EXERCISE PROMPT :: Repeat every record exactly, but keep images out of the copy.

RECORDED DATA ::

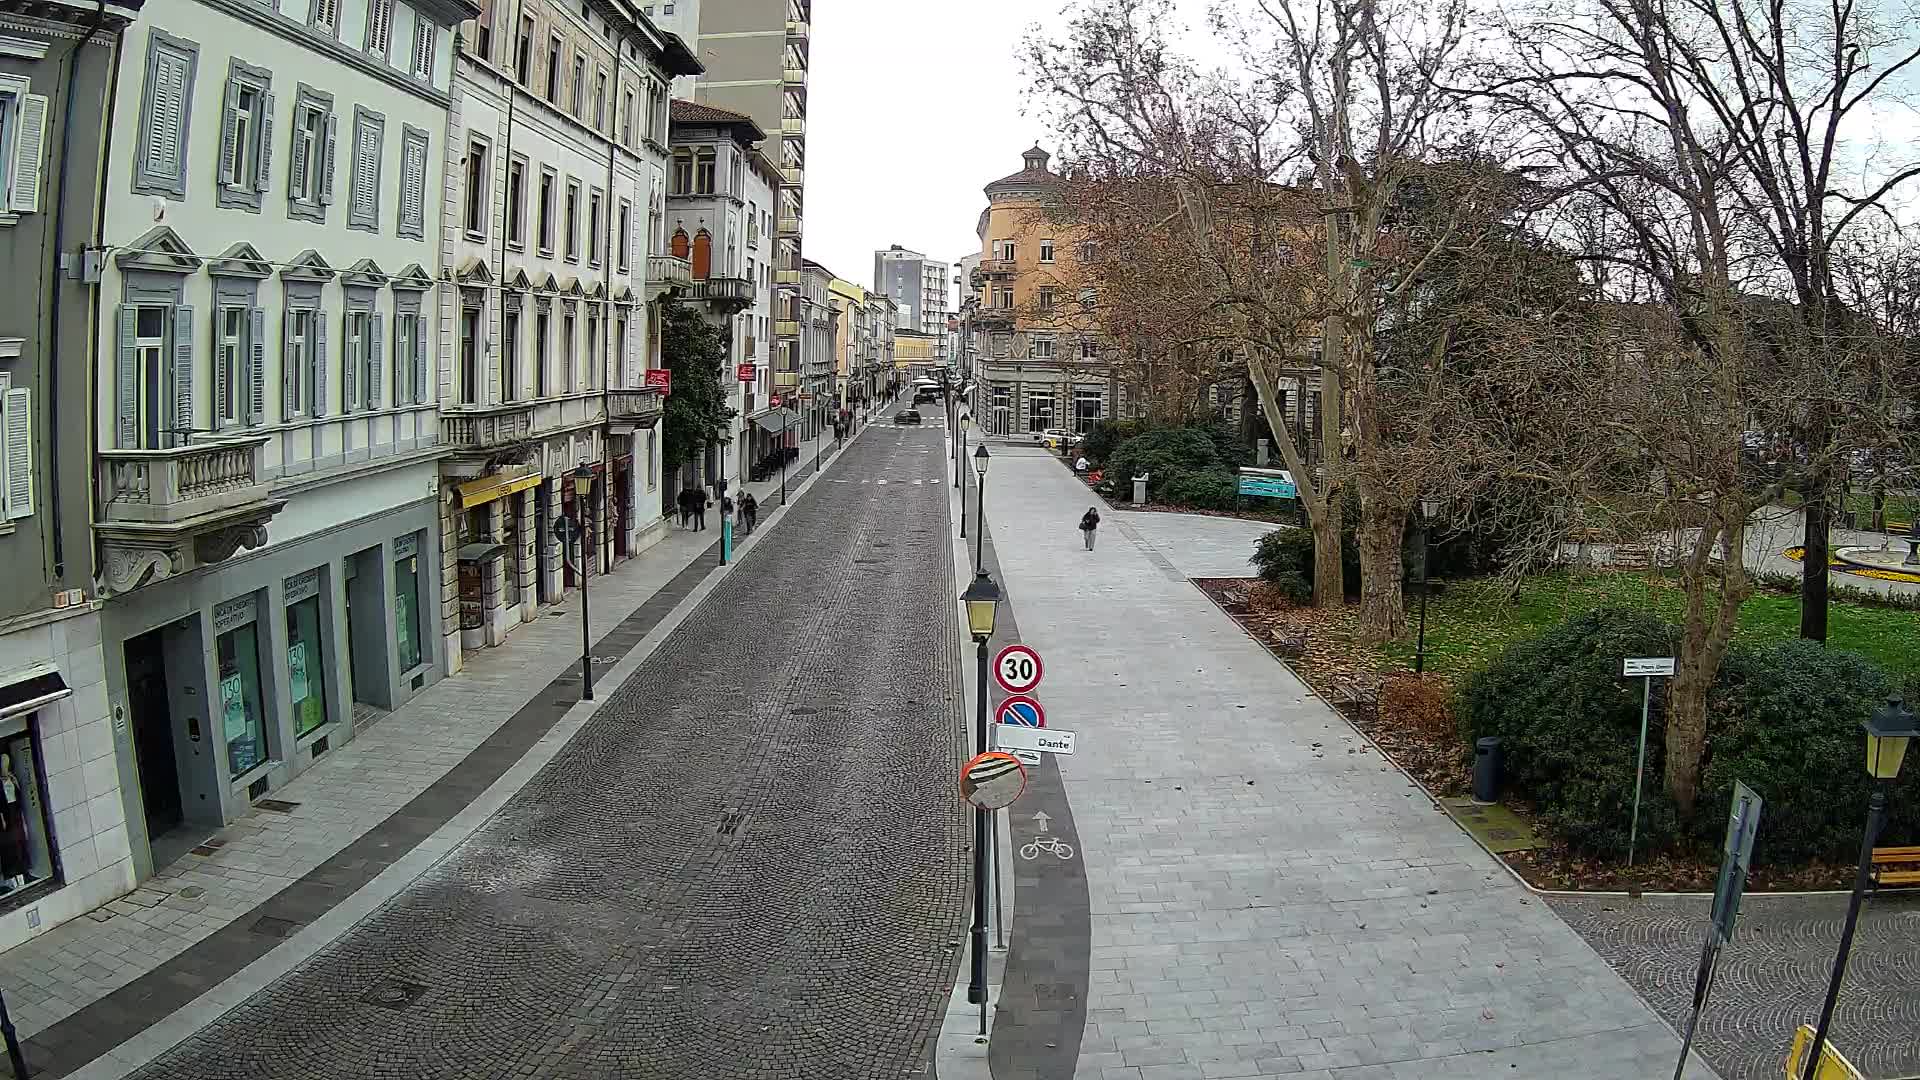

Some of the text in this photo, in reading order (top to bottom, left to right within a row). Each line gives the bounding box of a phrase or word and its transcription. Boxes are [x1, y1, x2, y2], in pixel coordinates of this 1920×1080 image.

[288, 644, 304, 664] 130
[1005, 658, 1033, 680] 30
[221, 677, 240, 700] 130
[1038, 738, 1069, 749] Dante
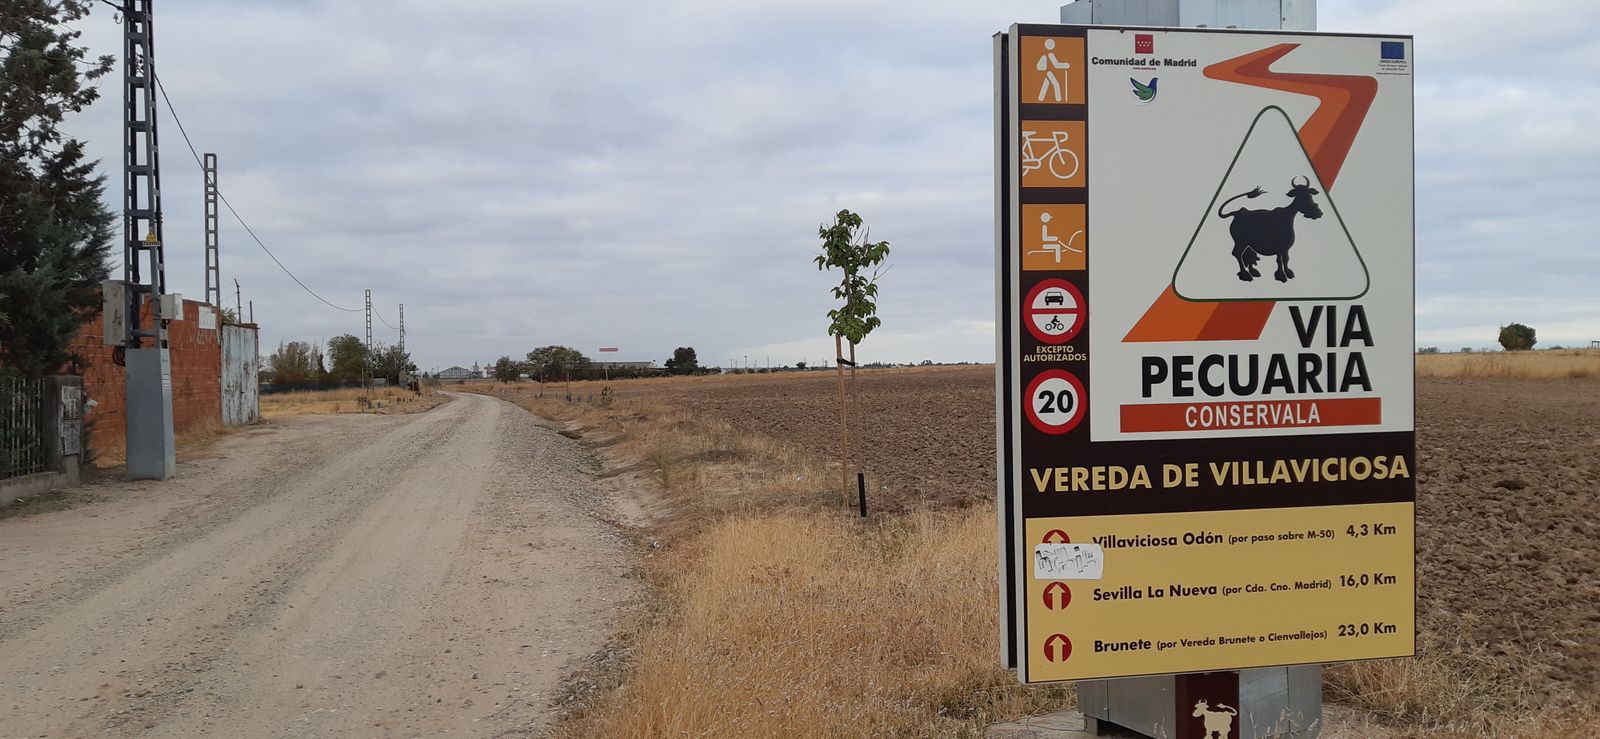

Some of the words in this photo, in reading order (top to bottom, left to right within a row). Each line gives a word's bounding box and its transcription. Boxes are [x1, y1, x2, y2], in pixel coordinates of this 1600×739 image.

[1092, 57, 1146, 66] Comunidad
[1149, 58, 1161, 66] de
[1289, 305, 1375, 347] VIA
[1023, 353, 1086, 362] AUTORIZADOS
[1036, 346, 1074, 354] EXCEPTO
[1142, 352, 1373, 398] PECUARIA
[1038, 390, 1073, 414] 20
[1186, 403, 1320, 428] CONSERVALA
[1030, 464, 1152, 492] VEREDA
[1163, 463, 1199, 487] DE
[1209, 455, 1410, 486] VILLAVICIOSA
[1092, 533, 1178, 550] Villaviciosa
[1183, 532, 1223, 546] Odón
[1228, 533, 1249, 545] (por
[1252, 532, 1274, 543] paso
[1277, 531, 1304, 541] sobre
[1307, 529, 1335, 540] M-50)
[1346, 524, 1369, 537] 4,3
[1373, 523, 1396, 535] Km
[1093, 587, 1143, 601] Sevilla
[1147, 586, 1164, 598] La
[1169, 583, 1217, 597] Nueva
[1222, 585, 1242, 596] (por
[1245, 583, 1267, 594] Cda.
[1270, 582, 1292, 592] Cno.
[1294, 579, 1332, 591] Madrid)
[1339, 574, 1369, 588] 16,0
[1373, 573, 1397, 585] Km
[1094, 638, 1151, 653] Brunete
[1157, 639, 1177, 651] (por
[1181, 637, 1216, 648] Vereda
[1219, 634, 1255, 645] Brunete
[1268, 630, 1327, 642] Cienvallejos)
[1338, 623, 1369, 638] 23,0
[1374, 622, 1397, 635] Km
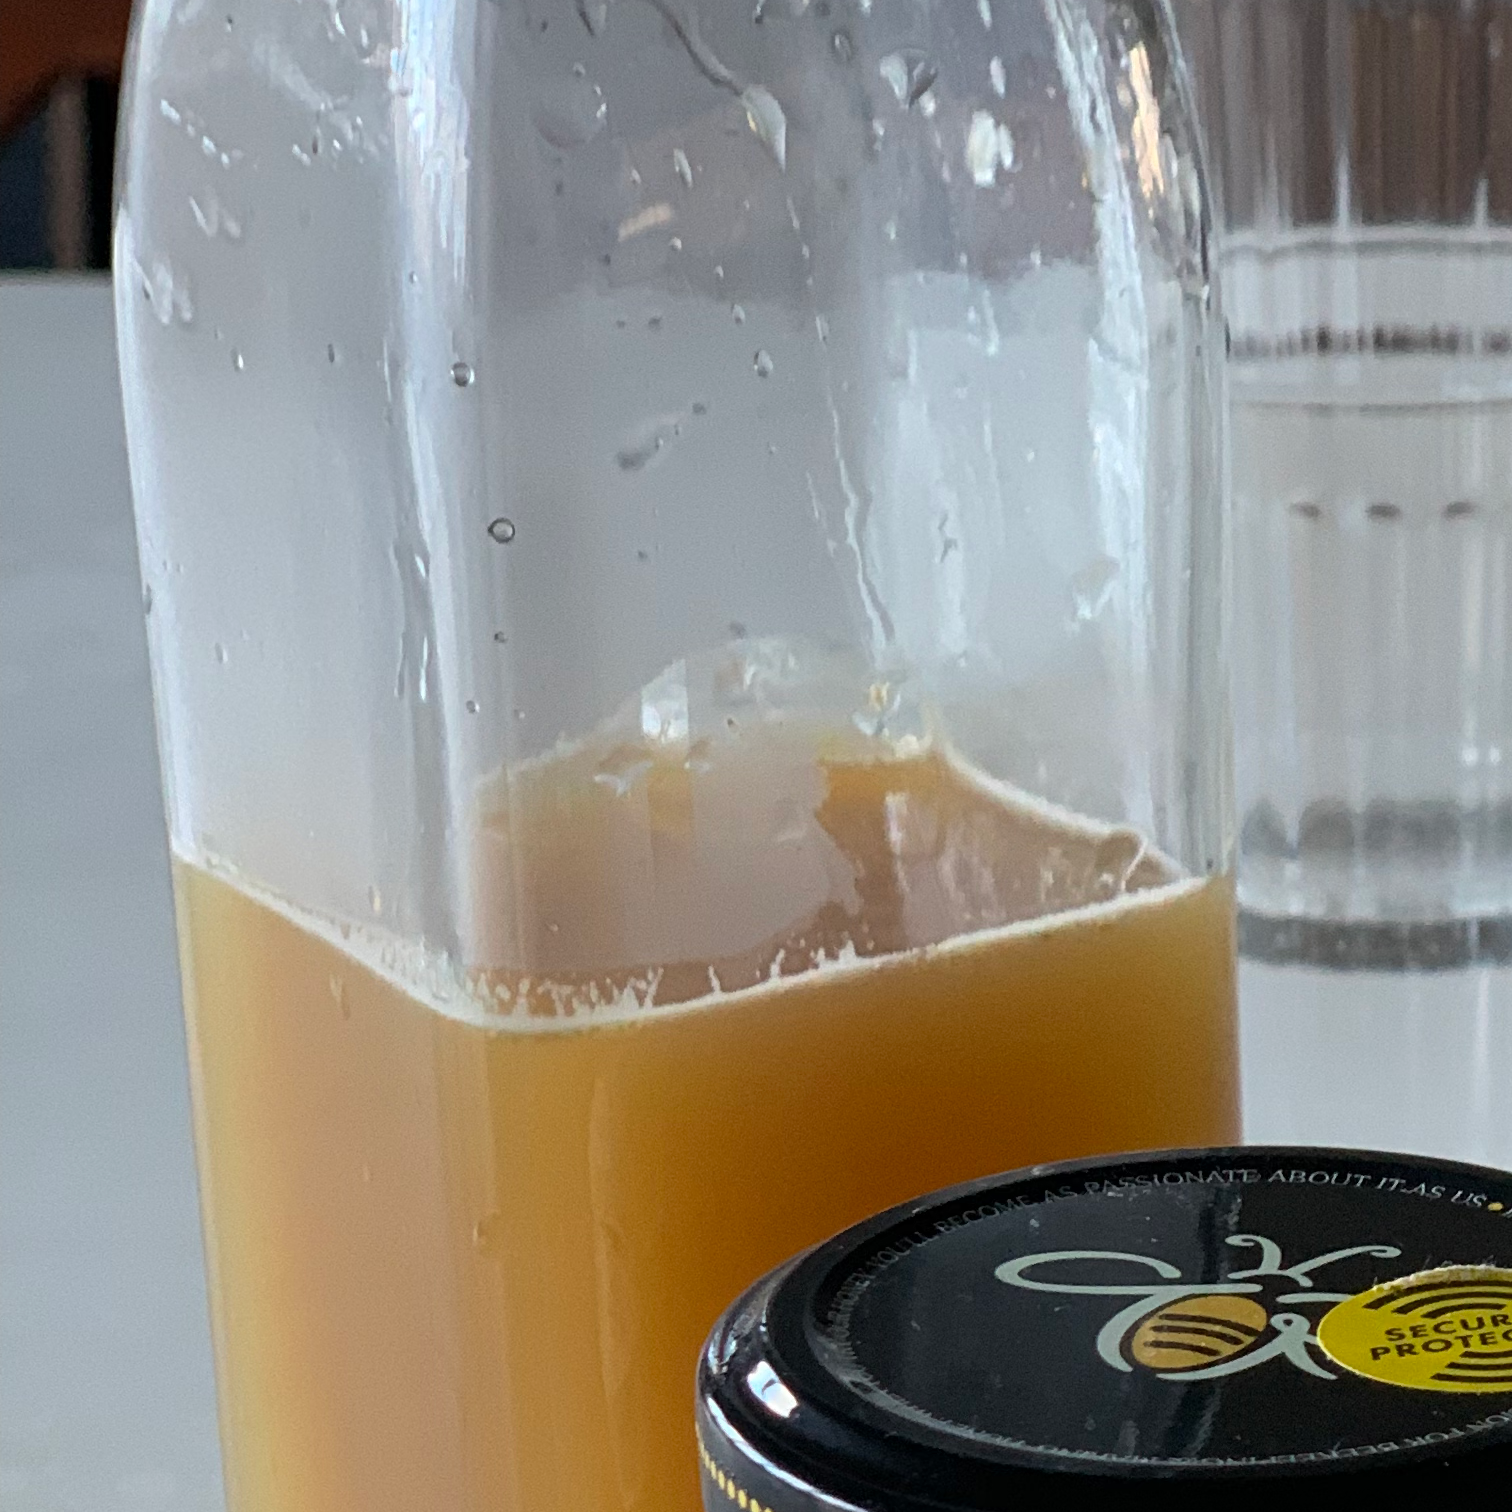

RESULT OF THIS EXERCISE ::
Some of the text in this photo, in reading order (top to bottom, left to right within a row). Each line gives the bounding box of a phrase or word and its transcription. Boxes are [x1, y1, x2, y2], in pixel coordinates of this 1920×1080 image.

[288, 644, 304, 664] 130
[1005, 658, 1033, 680] 30
[221, 677, 240, 700] 130
[1038, 738, 1069, 749] Dante

Some of the words in this photo, in reading order (top to bottom, left to right within a row). Each line gives a word's bounding box and its transcription. Boxes are [x1, y1, x2, y2], in pixel coordinates of this 1600×739 image.

[1092, 57, 1146, 66] Comunidad
[1149, 58, 1161, 66] de
[1289, 305, 1375, 347] VIA
[1023, 353, 1086, 362] AUTORIZADOS
[1036, 346, 1074, 354] EXCEPTO
[1142, 352, 1373, 398] PECUARIA
[1038, 390, 1073, 414] 20
[1186, 403, 1320, 428] CONSERVALA
[1030, 464, 1152, 492] VEREDA
[1163, 463, 1199, 487] DE
[1209, 455, 1410, 486] VILLAVICIOSA
[1092, 533, 1178, 550] Villaviciosa
[1183, 532, 1223, 546] Odón
[1228, 533, 1249, 545] (por
[1252, 532, 1274, 543] paso
[1277, 531, 1304, 541] sobre
[1307, 529, 1335, 540] M-50)
[1346, 524, 1369, 537] 4,3
[1373, 523, 1396, 535] Km
[1093, 587, 1143, 601] Sevilla
[1147, 586, 1164, 598] La
[1169, 583, 1217, 597] Nueva
[1222, 585, 1242, 596] (por
[1245, 583, 1267, 594] Cda.
[1270, 582, 1292, 592] Cno.
[1294, 579, 1332, 591] Madrid)
[1339, 574, 1369, 588] 16,0
[1373, 573, 1397, 585] Km
[1094, 638, 1151, 653] Brunete
[1157, 639, 1177, 651] (por
[1181, 637, 1216, 648] Vereda
[1219, 634, 1255, 645] Brunete
[1268, 630, 1327, 642] Cienvallejos)
[1338, 623, 1369, 638] 23,0
[1374, 622, 1397, 635] Km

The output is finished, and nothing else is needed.